_RECORDS FOR THIS TASK_:
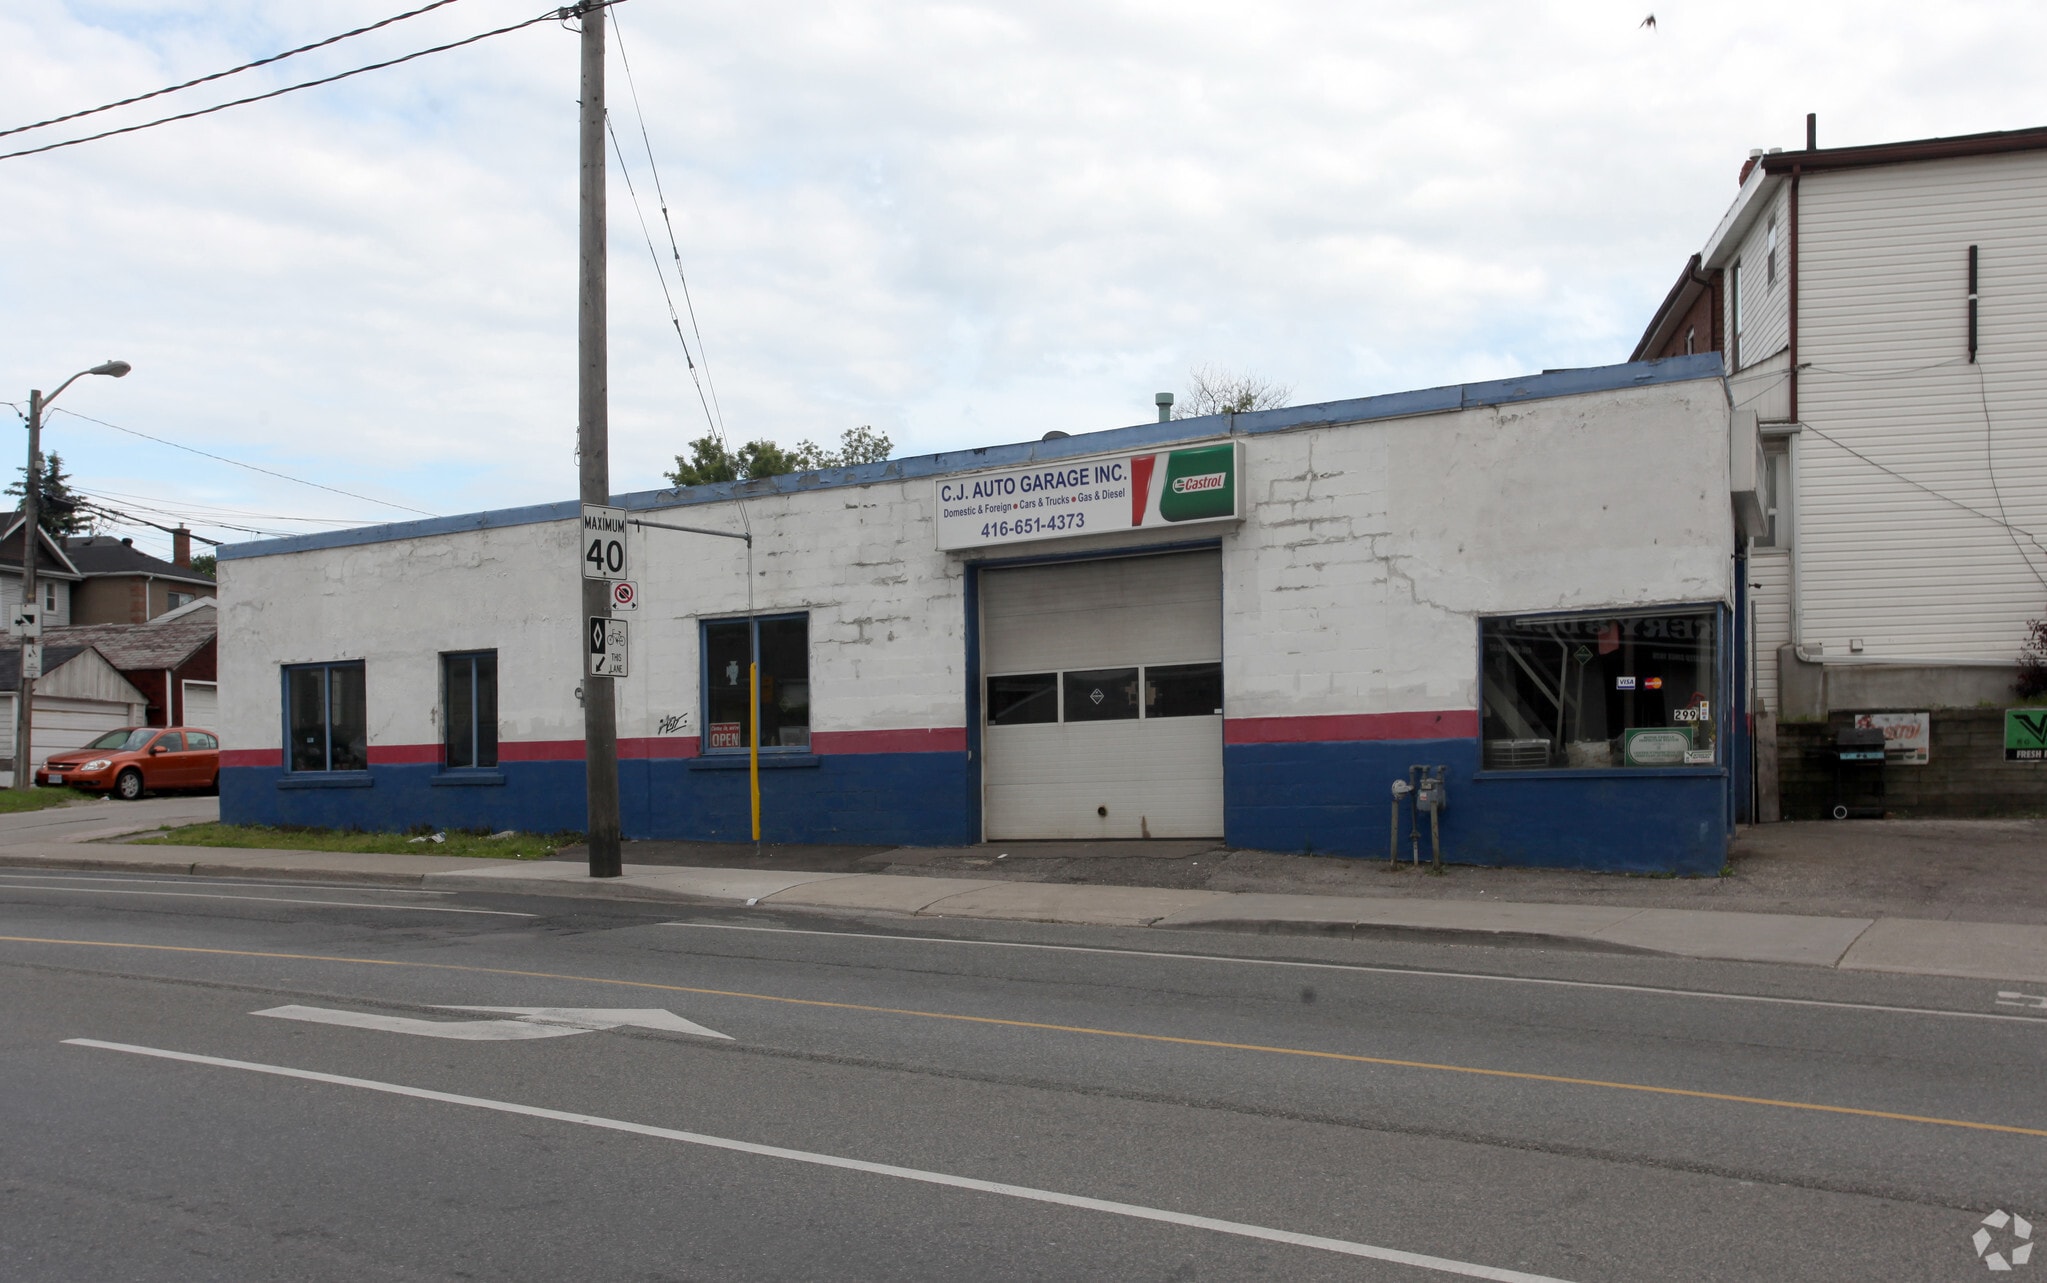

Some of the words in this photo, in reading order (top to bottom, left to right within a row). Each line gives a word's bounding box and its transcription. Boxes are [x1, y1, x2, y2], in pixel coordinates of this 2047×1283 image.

[941, 485, 969, 502] C.J.
[972, 477, 1016, 499] AUTO
[1020, 467, 1089, 493] GARAGE
[1095, 463, 1127, 483] INC.
[1185, 475, 1222, 491] Castrol
[943, 505, 976, 519] Domestic
[977, 504, 984, 514] &
[985, 501, 1012, 515] Foreign
[1019, 498, 1037, 510] Cars
[1037, 497, 1044, 507] &
[1045, 494, 1070, 506] Trucks
[1078, 491, 1093, 503] Gas
[1094, 490, 1101, 500] &
[1102, 487, 1126, 500] Diesel
[585, 515, 625, 534] MAXIMUM
[981, 512, 1085, 539] 416-651-4373
[586, 538, 624, 573] 40
[611, 652, 622, 662] THIS
[609, 663, 623, 674] LANE
[1675, 710, 1696, 720] 299
[711, 733, 739, 747] OPEN
[2016, 749, 2042, 759] FRESH

_PROBLEM_: Print the material in full and exactly; the pictures must not be printed.

_COMPLETED EXERCISE_:
Some of the words in this photo, in reading order (top to bottom, left to right within a row). Each line gives a word's bounding box and its transcription. Boxes are [x1, y1, x2, y2], in pixel coordinates of this 2047×1283 image.

[941, 485, 969, 502] C.J.
[972, 477, 1016, 499] AUTO
[1020, 467, 1089, 493] GARAGE
[1095, 463, 1127, 483] INC.
[1185, 475, 1222, 491] Castrol
[943, 505, 976, 519] Domestic
[977, 504, 984, 514] &
[985, 501, 1012, 515] Foreign
[1019, 498, 1037, 510] Cars
[1037, 497, 1044, 507] &
[1045, 494, 1070, 506] Trucks
[1078, 491, 1093, 503] Gas
[1094, 490, 1101, 500] &
[1102, 487, 1126, 500] Diesel
[585, 515, 625, 534] MAXIMUM
[981, 512, 1085, 539] 416-651-4373
[586, 538, 624, 573] 40
[611, 652, 622, 662] THIS
[609, 663, 623, 674] LANE
[1675, 710, 1696, 720] 299
[711, 733, 739, 747] OPEN
[2016, 749, 2042, 759] FRESH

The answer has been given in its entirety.